Comments: Created by Steve Englehart, Sal Buscema and Joe Staton.

   Although Son-Dar and Teress first appeared in Avengers I#134, an unidentified pair of Kree pacifists who look VERY similar to them appeared in the Star-Stalker's account of his history with that group in Avengers I#124. This is a bit odd since there's no way that the Star-Stalker could have known what the two Kree pacifists who settled on Earth looked like. On the other hand, since the story in issue #124 doesn't actually identify that pair of pacifists as the ancestors of the group who settled on Earth, built the temple seen in the following panel and came to be known as the Priests of Pama, maybe it's just a coincidence.

   Still, I can't help wondering if John Buscema and Dave Cockrum, the artists who worked on Avengers I#124, maybe deserve the credit for "creating" Son-Dar and Teress.

FIVE PROBLEMS
   Son-Dar and Teress were introduced as part of the origin of the Priests of Pama that was shown to Mantis and three of her Avengers allies in Avengers I#133. It was the second part of "The Origin of Mantis" storyline that had begun with the origin of the Kree-Skrull War in the preceding issue. I generally liked this origin but it does have some flaws that, oddly enough, I've never seen mentioned anywhere. So, here's a list of the five problems that I have with this story.

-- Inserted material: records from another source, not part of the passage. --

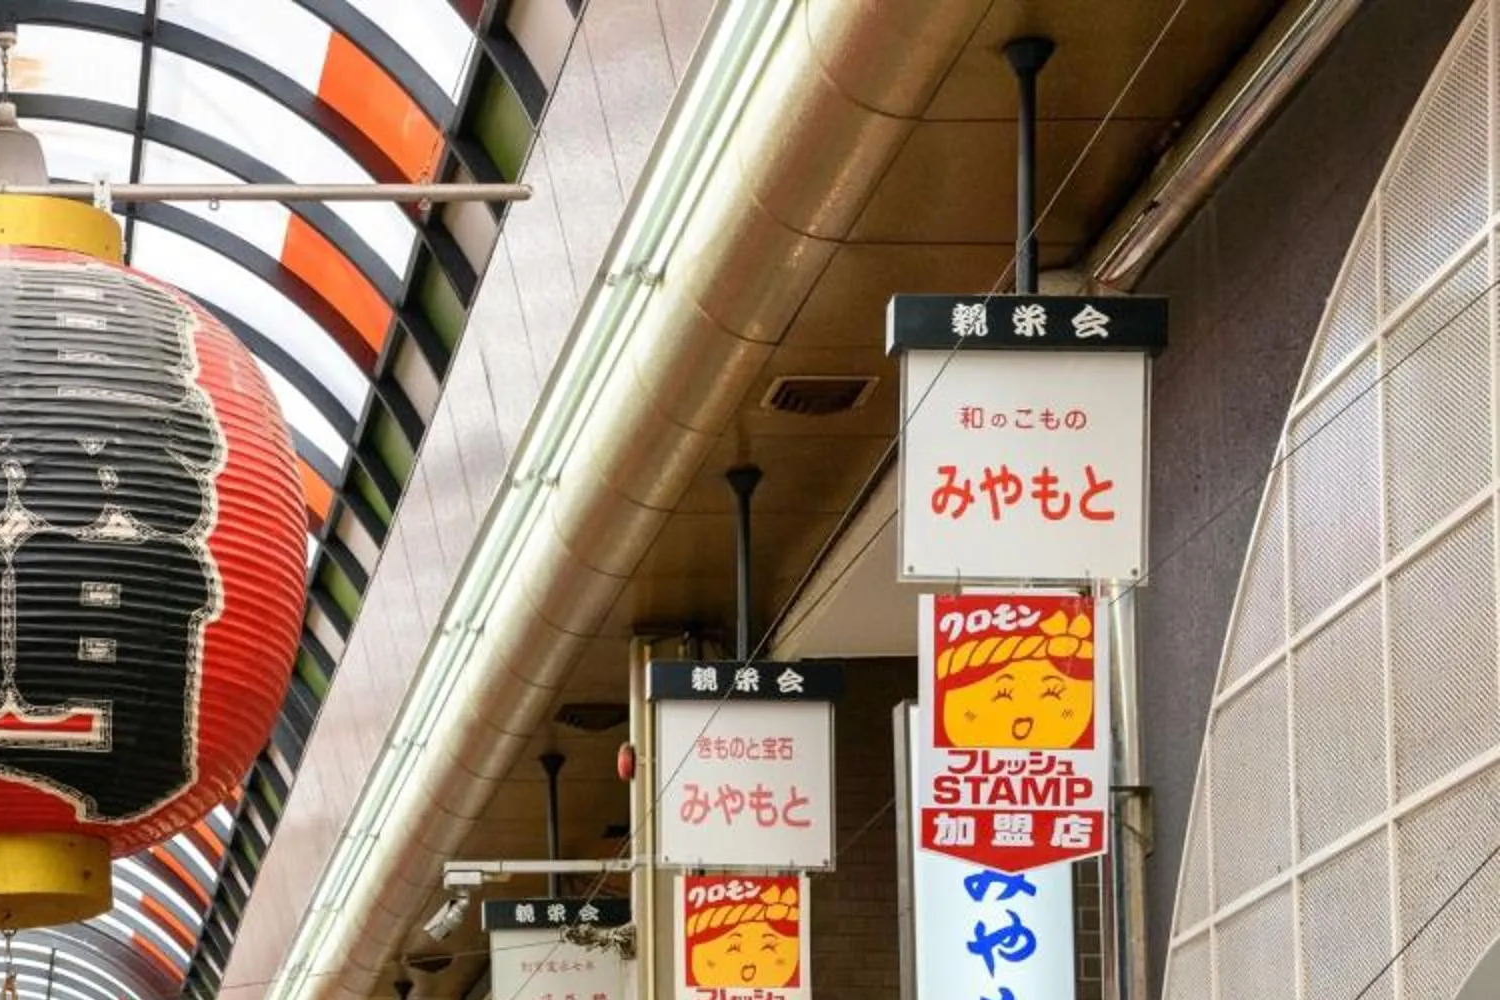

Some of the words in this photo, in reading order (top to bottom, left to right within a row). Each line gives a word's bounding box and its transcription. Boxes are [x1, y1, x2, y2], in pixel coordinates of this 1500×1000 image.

[959, 406, 1088, 431] 和のこもの
[931, 464, 1116, 521] みやもと
[938, 603, 1042, 643] クロモン
[698, 736, 794, 761] きものと宝石
[946, 750, 1077, 777] フレッシュ
[680, 782, 813, 829] みやもと
[932, 776, 1094, 807] STAMP
[932, 811, 1094, 849] 加盟店
[687, 879, 762, 909] クロモン

Problem #1: How did the pairs of priests (and their secret Cotati companions) get to their various outpost worlds?
   Yes, we were shown that they traveled in starships but I can't help wondering exactly where they acquired those vehicles. After all, starships capable of traveling across inter-galactic distances at many thousands of times the speed of light are VERY advanced and I have a hard time seeing the militaristic Kree Empire being willing to just give away dozens of such starships to beings they considered pacifist scum. It also seems highly unlikely that the empire, after exiling these dissidents, would allow them to retain vehicles that they could use to escape from the planets to which they had been exiled. Perhaps the Supreme Intelligence just allocated one starship to transport all the pairs of pacifists to their respective planets? And maybe that starship was programmed to automatically return to Hala once it had delivered each pair of priests to their chosen planets?
   Okay, it's not a BIG problem but it was something that seemed odd.

Problem #2: How did the pairs of pacifists manage to survive the non-Hala conditions on their outpost planets?
   Early issues of the first Captain Marvel series established that members of the Kree race could not survive in Earth's atmosphere without using either a short-lived breathing potion or battle-helmets that could provide them with the correct mixture of gases that they needed to breathe. The Kree entries in the Official Handbooks of the Marvel Universe later explained that this weakness was due to the fact that, since the Kree race had evolved on a planet with a higher nitrogen content in its atmosphere, they could not breathe naturally on planets whose atmospheres contained less nitrogen. Considering that about 78% of Earth's atmosphere is made up of nitrogen, the idea that Kree needed even more nitrogen seems a bit odd but that remains canon to this day.
   So, with this restriction in mind, how did Son-Dar and Teress manage to survive on Earth for years? Did they bring a massive supply of breathing potion with them? Or perhaps a device that could produce that potion out of native materials? Their story really should have explained something so important.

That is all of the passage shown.